%%
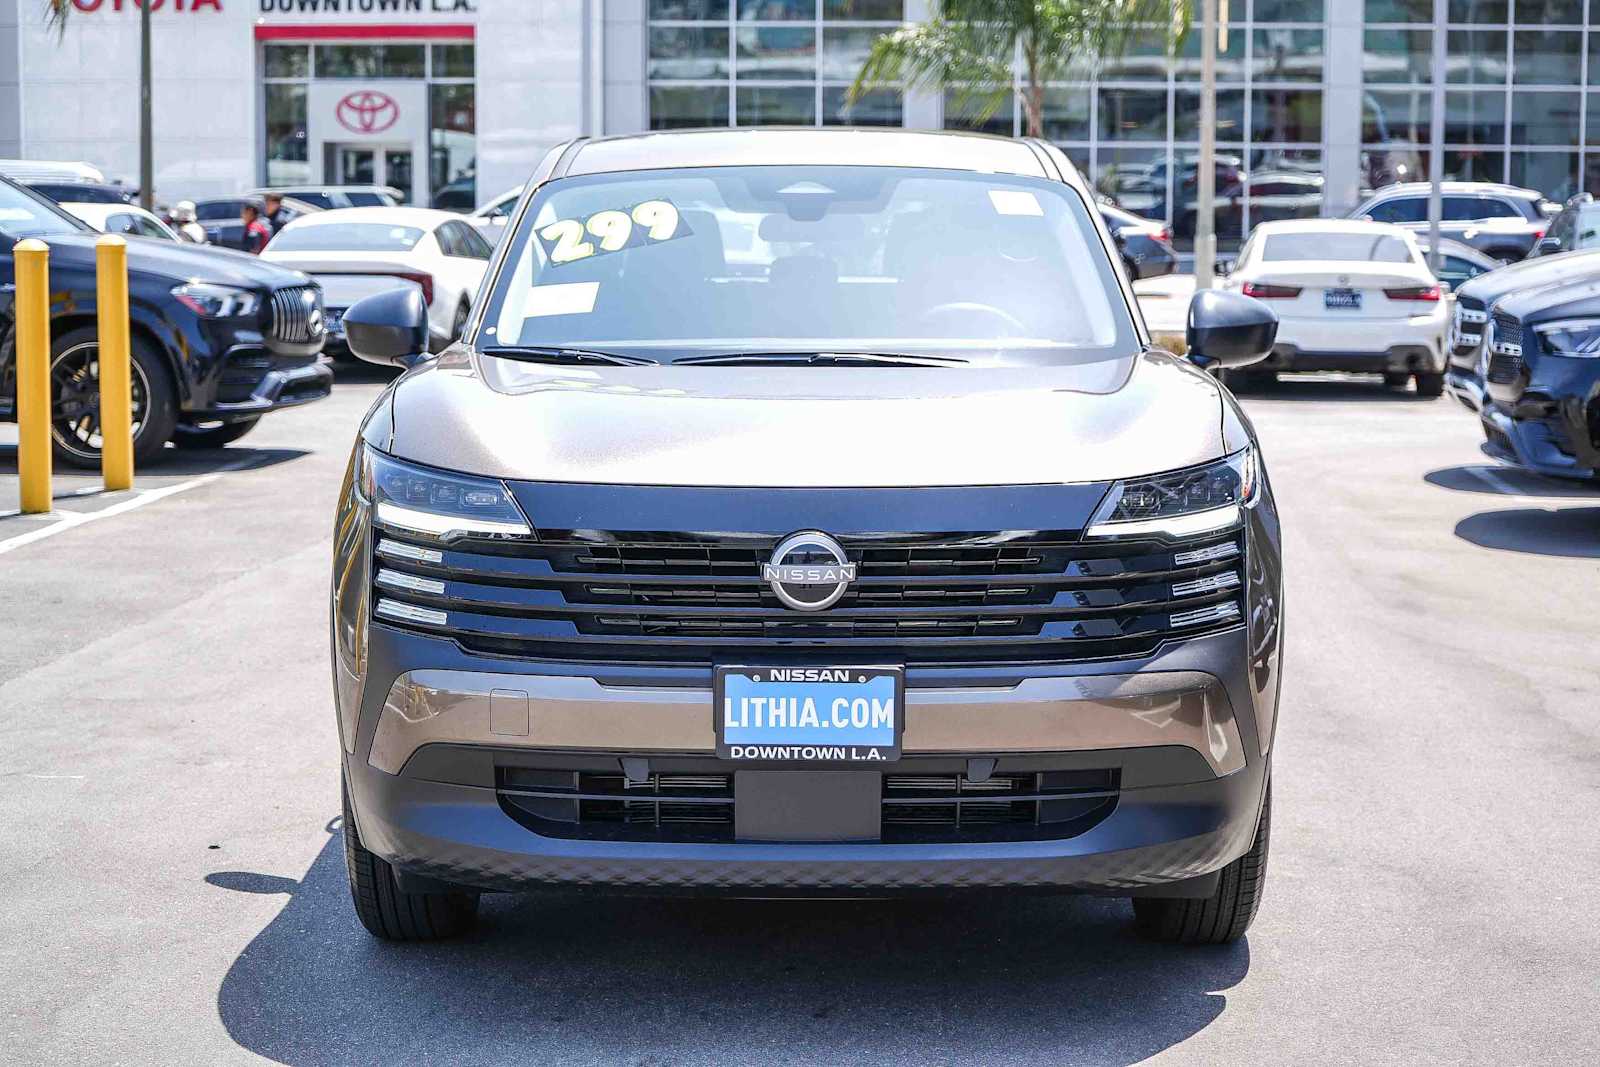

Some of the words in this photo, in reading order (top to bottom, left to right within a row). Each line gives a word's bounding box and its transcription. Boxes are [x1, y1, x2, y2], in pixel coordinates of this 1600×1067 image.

[540, 199, 679, 264] 299
[765, 566, 855, 582] NISSAN
[770, 669, 850, 682] NISSAN
[724, 697, 894, 729] LITHIA.COM
[730, 746, 846, 760] DOWNTOWN
[851, 747, 887, 760] L.A.
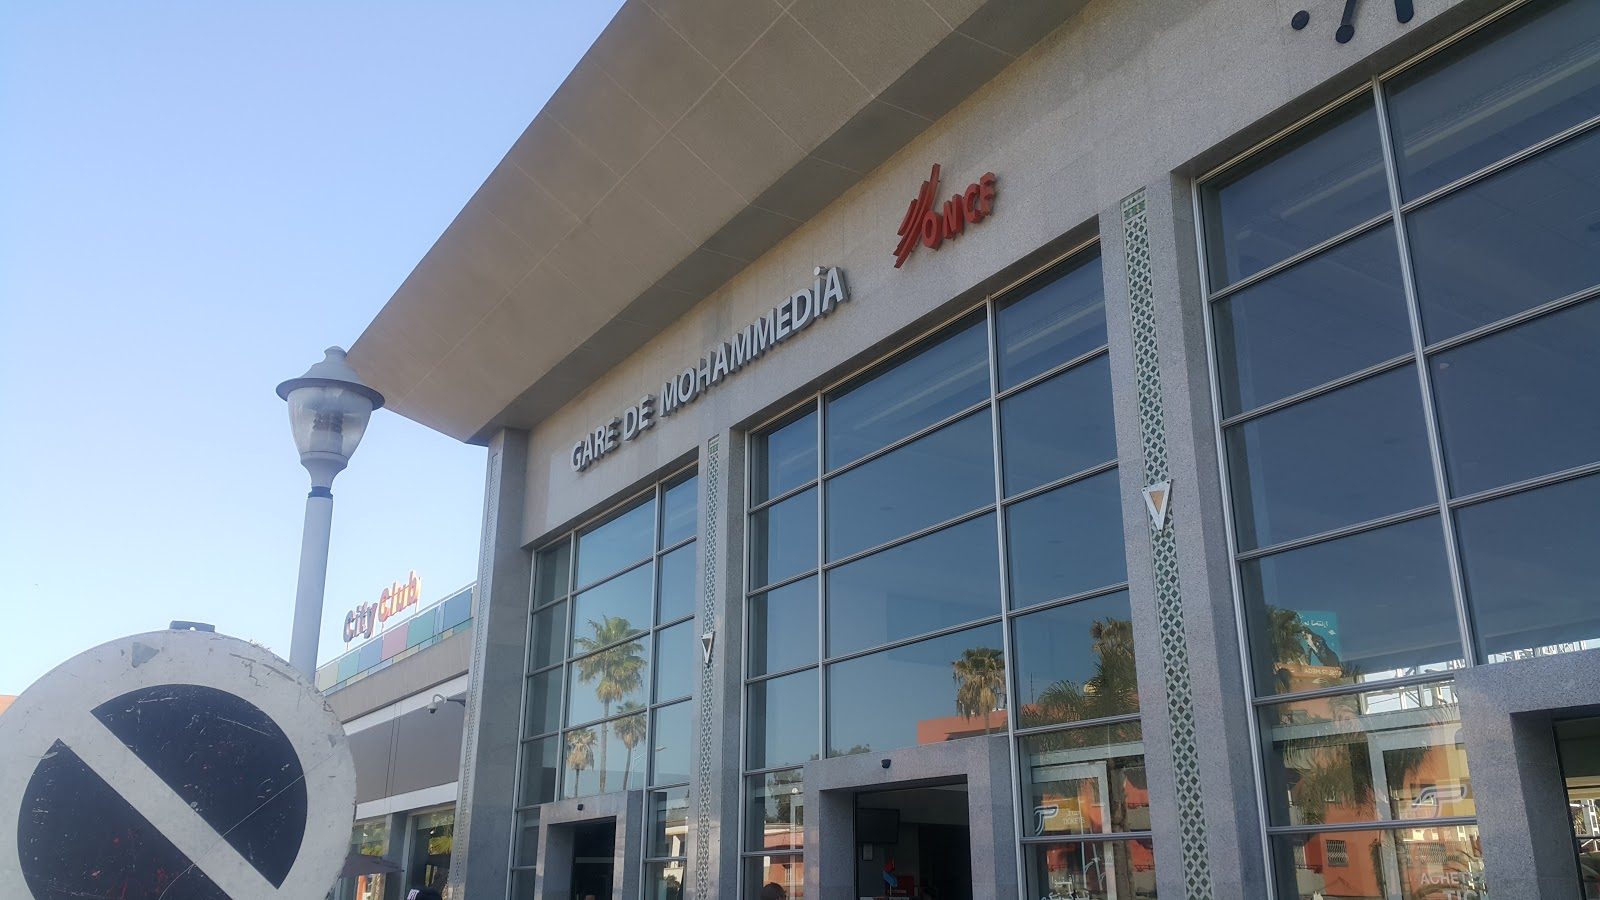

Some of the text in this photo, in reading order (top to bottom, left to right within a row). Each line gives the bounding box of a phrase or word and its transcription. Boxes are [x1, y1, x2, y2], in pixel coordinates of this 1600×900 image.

[922, 171, 996, 251] ONCF
[570, 417, 621, 472] GARE
[623, 394, 654, 442] DE
[343, 570, 420, 643] City Club
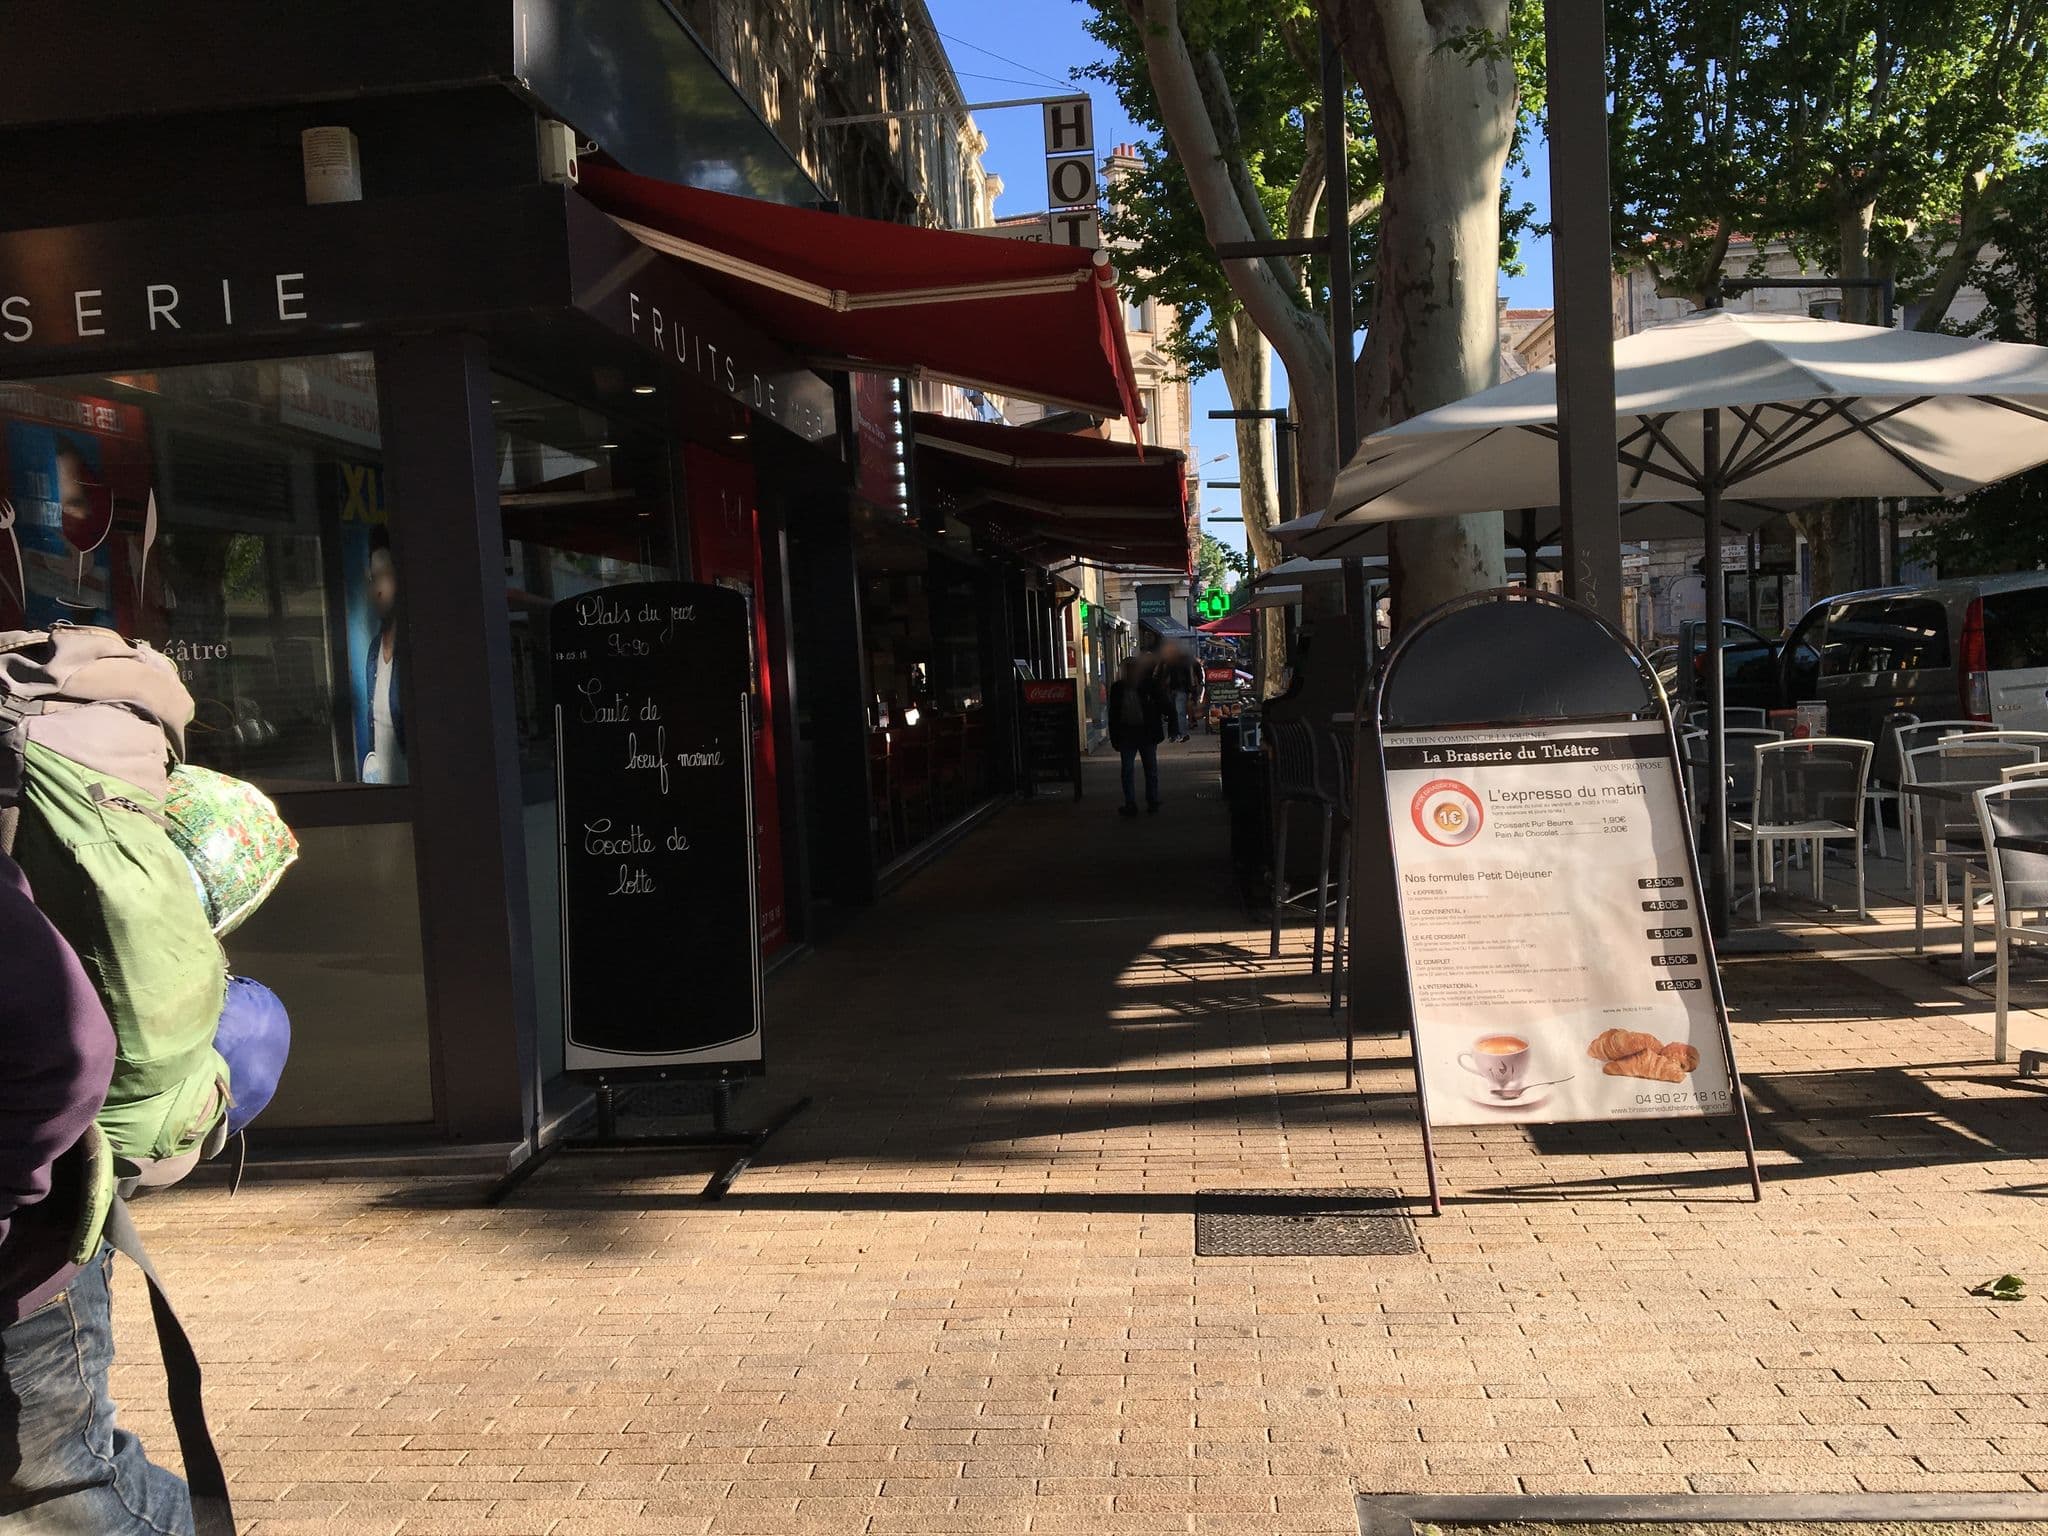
%%
• **Brief**
Write out the whole listing exactly as it appears, and omit the pictures.

• **Answer to this task**
Some of the words in this photo, in reading order (top to bottom, left to right within a row). Each line gives a word's bounding box and its transcription. Boxes are [x1, y1, x2, y2], in pixel coordinates of this 1600×1067 image.

[540, 199, 679, 264] 299
[765, 566, 855, 582] NISSAN
[770, 669, 850, 682] NISSAN
[724, 697, 894, 729] LITHIA.COM
[730, 746, 846, 760] DOWNTOWN
[851, 747, 887, 760] L.A.

Some of the text in this photo, in reading order (top to bottom, left to right within a row). Each line gives the bounding box of a phrase or word and its transcription. Boxes are [x1, y1, x2, y2], in pixel coordinates of this 1600×900 image.

[922, 171, 996, 251] ONCF
[570, 417, 621, 472] GARE
[623, 394, 654, 442] DE
[343, 570, 420, 643] City Club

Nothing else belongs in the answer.